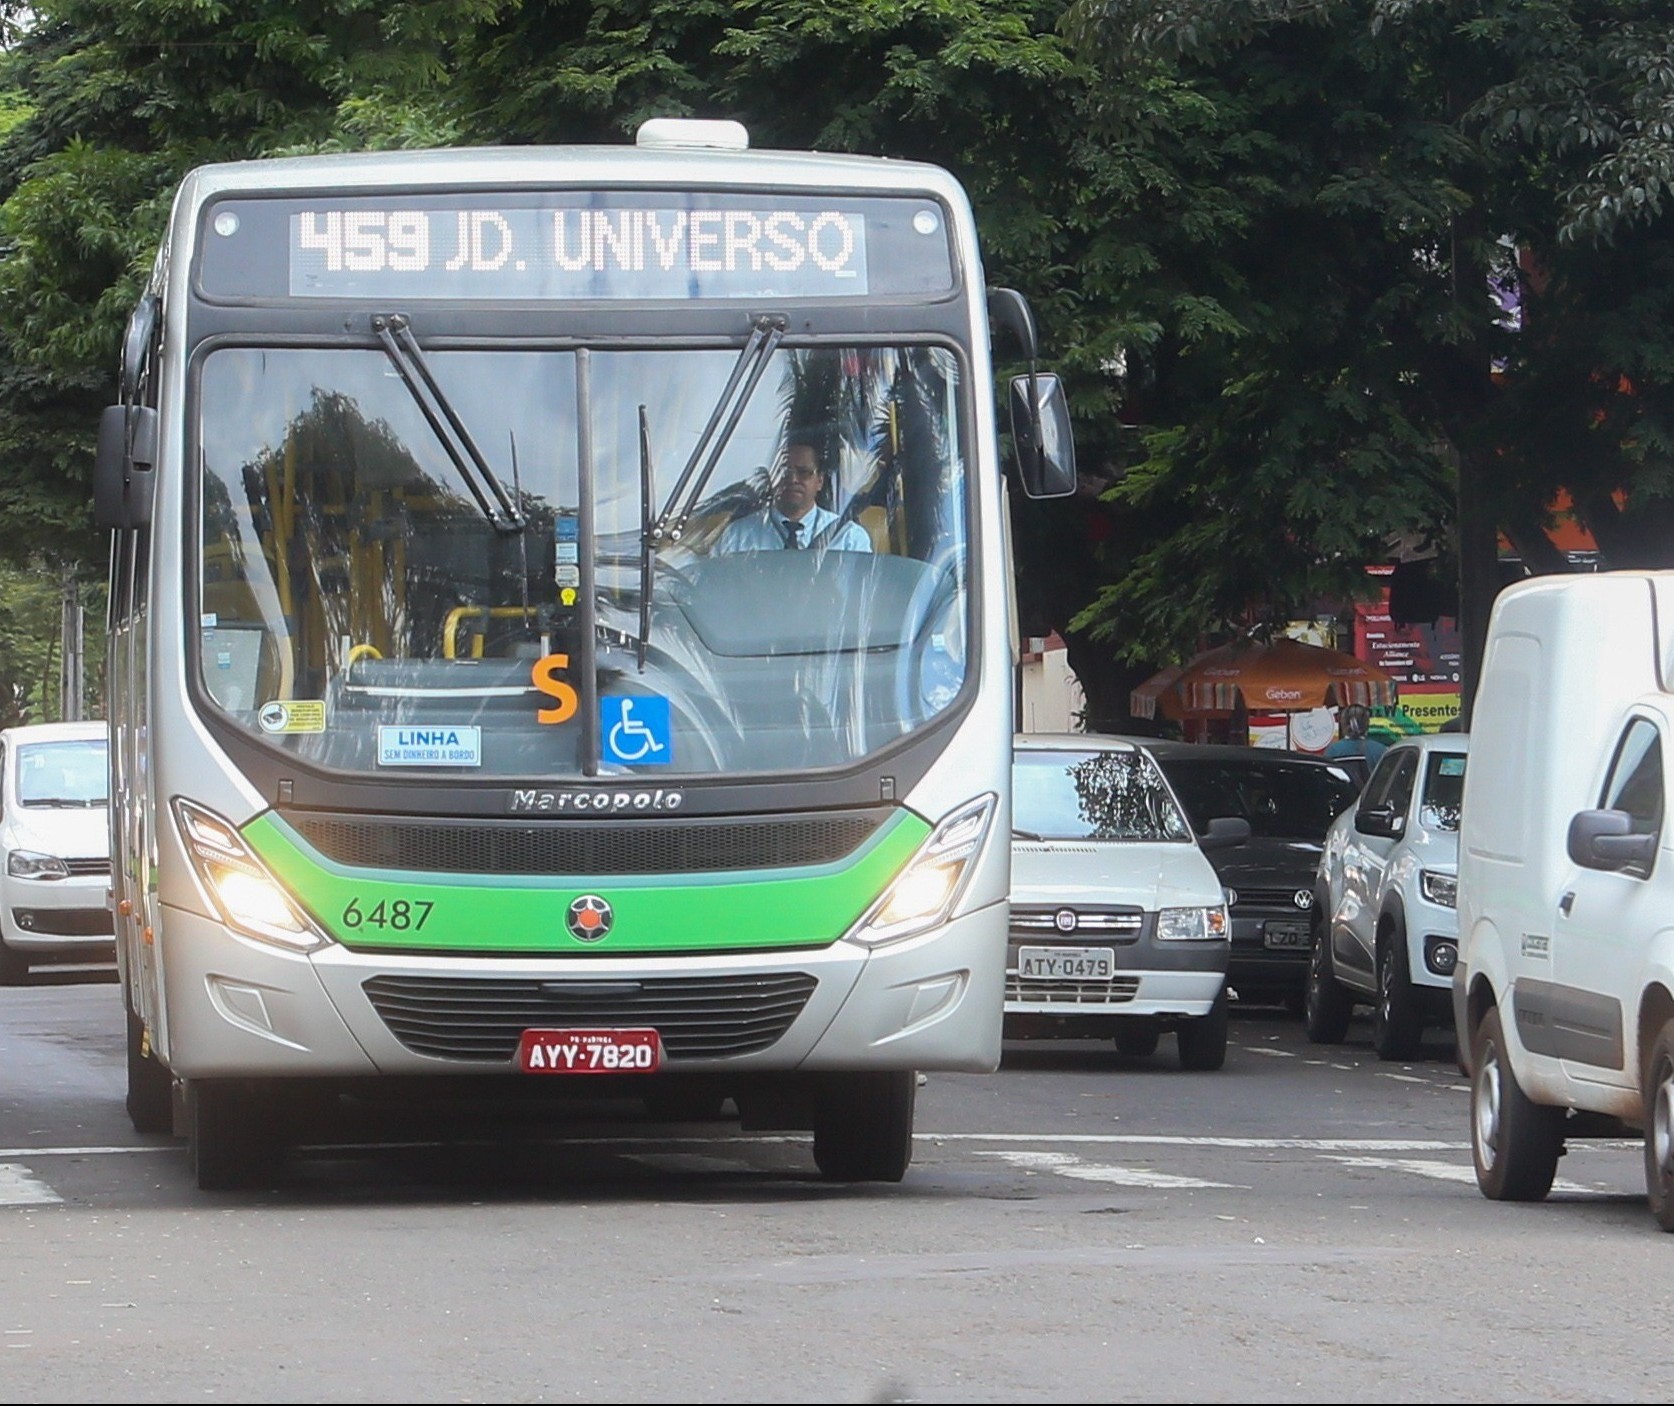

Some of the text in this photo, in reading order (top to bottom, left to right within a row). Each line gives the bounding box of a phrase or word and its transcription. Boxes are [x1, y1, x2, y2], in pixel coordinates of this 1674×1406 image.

[300, 210, 854, 272] 459 JD. UNIVERSO
[531, 654, 577, 724] S
[398, 730, 460, 746] LINHA
[384, 749, 475, 760] SEM DINHEIRO A BORDO
[510, 788, 683, 814] Marcopolo
[342, 896, 435, 931] 6487
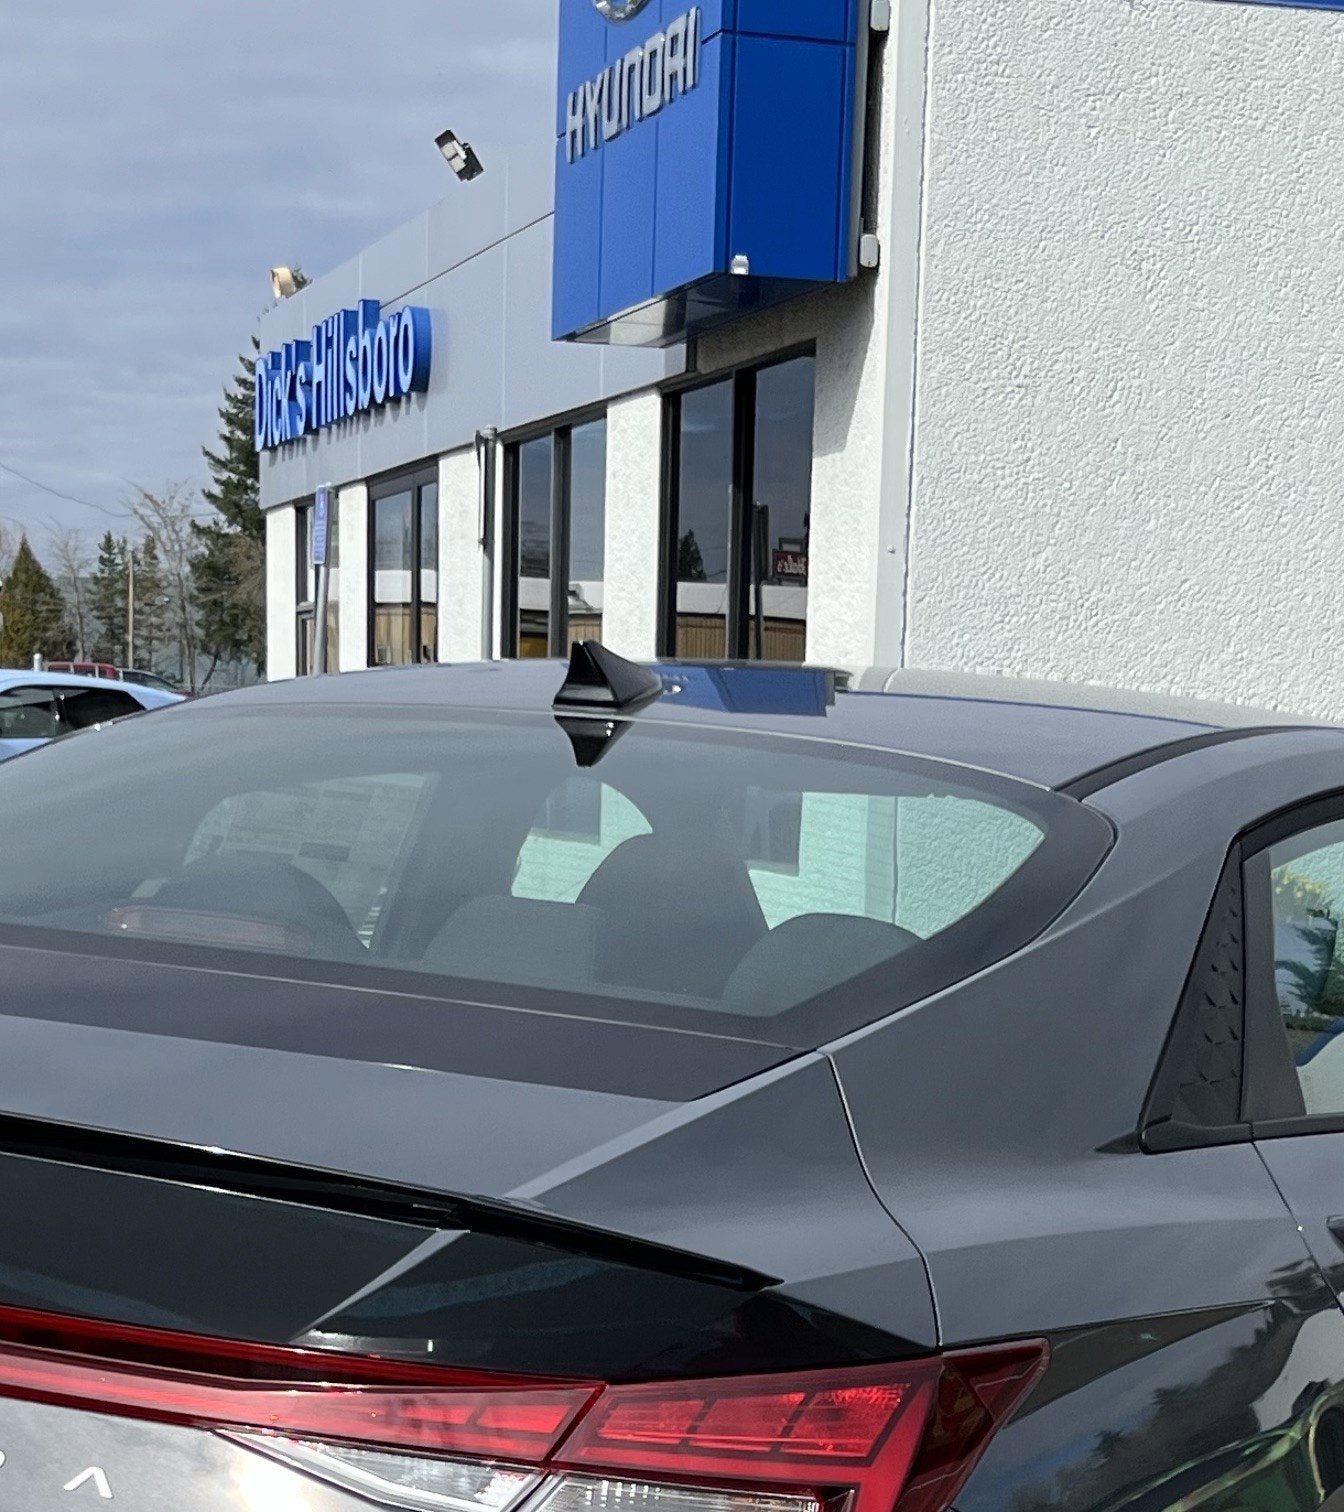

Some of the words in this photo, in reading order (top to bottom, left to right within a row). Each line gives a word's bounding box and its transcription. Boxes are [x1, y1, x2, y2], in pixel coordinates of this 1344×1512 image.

[566, 6, 700, 164] HYUNDAI
[255, 340, 308, 452] Dick's
[311, 300, 424, 430] Hillsboro
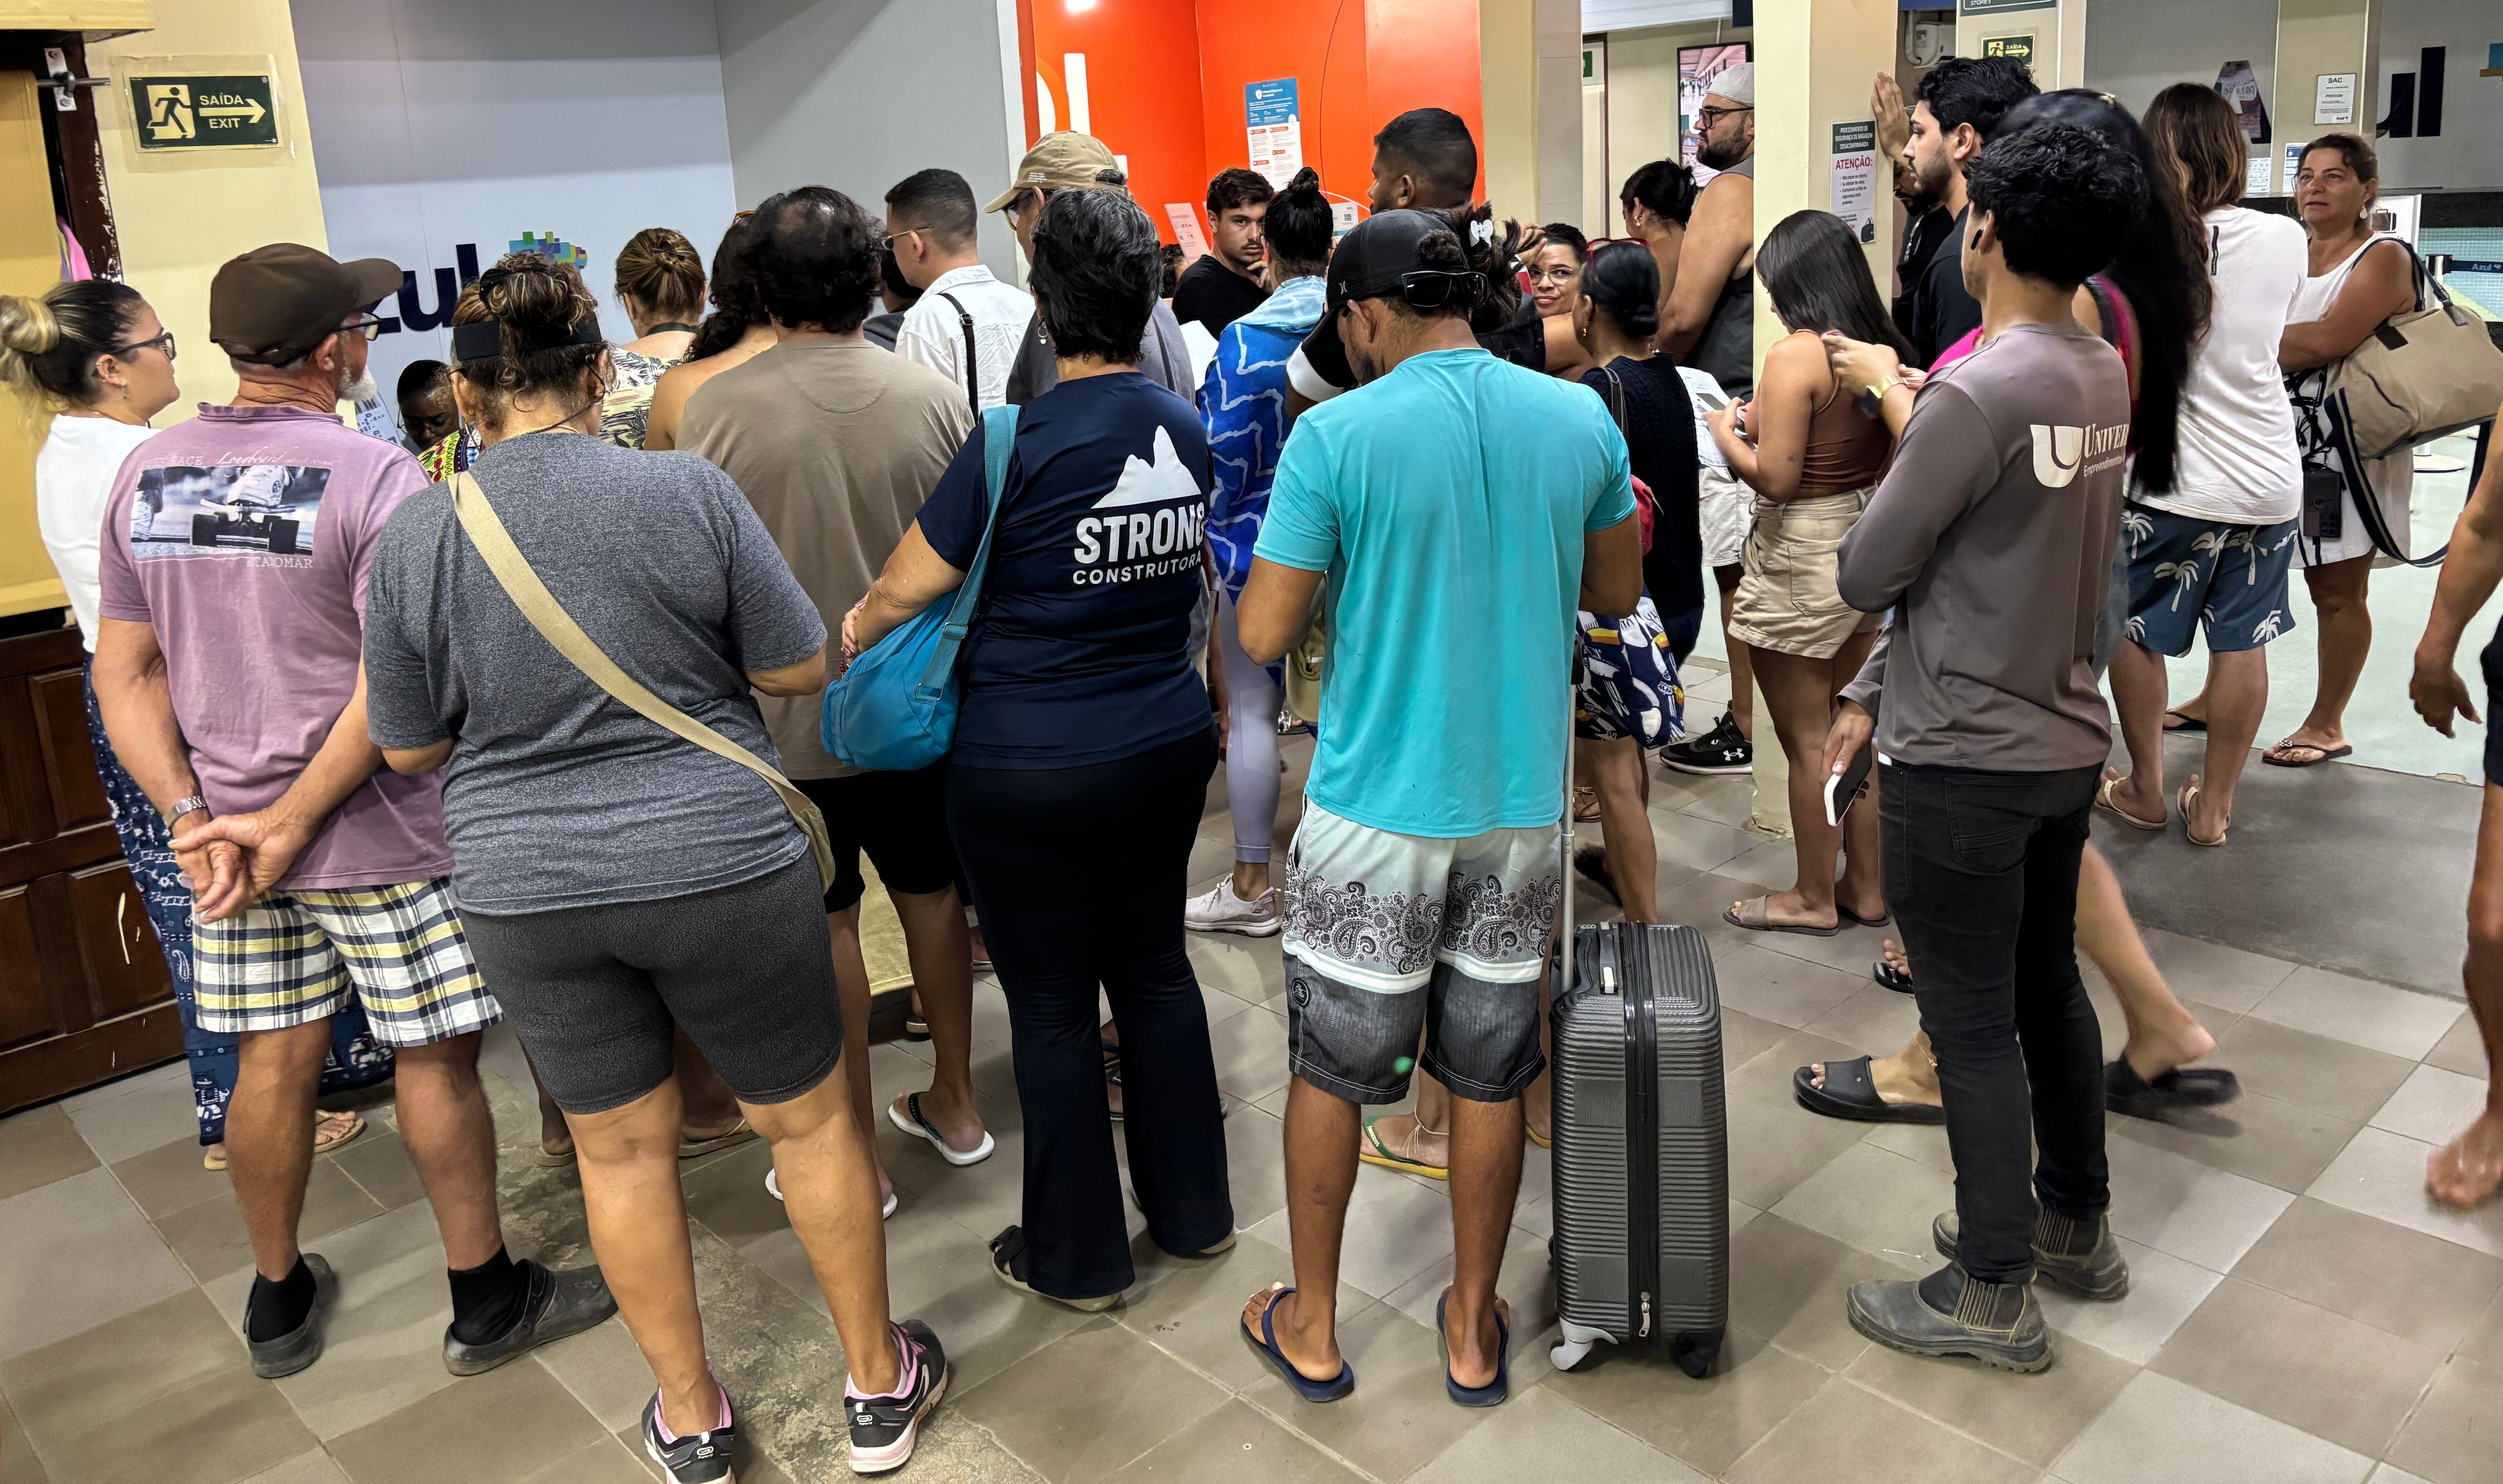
------------------------------
## TASK STATEMENT:
What you write must match, line for line, the lines from the one with "Some of the words" through the last line of the data above, minus the pictures.

## TASK OUTPUT:
Some of the words in this photo, in reading order (top to bottom, left to right within a row). Each line gives a word's bounding box and its transcription. Boxes are [x1, y1, x2, y2], in pixel coordinates of this 1344×1512 image.

[566, 6, 700, 164] HYUNDAI
[255, 340, 308, 452] Dick's
[311, 300, 424, 430] Hillsboro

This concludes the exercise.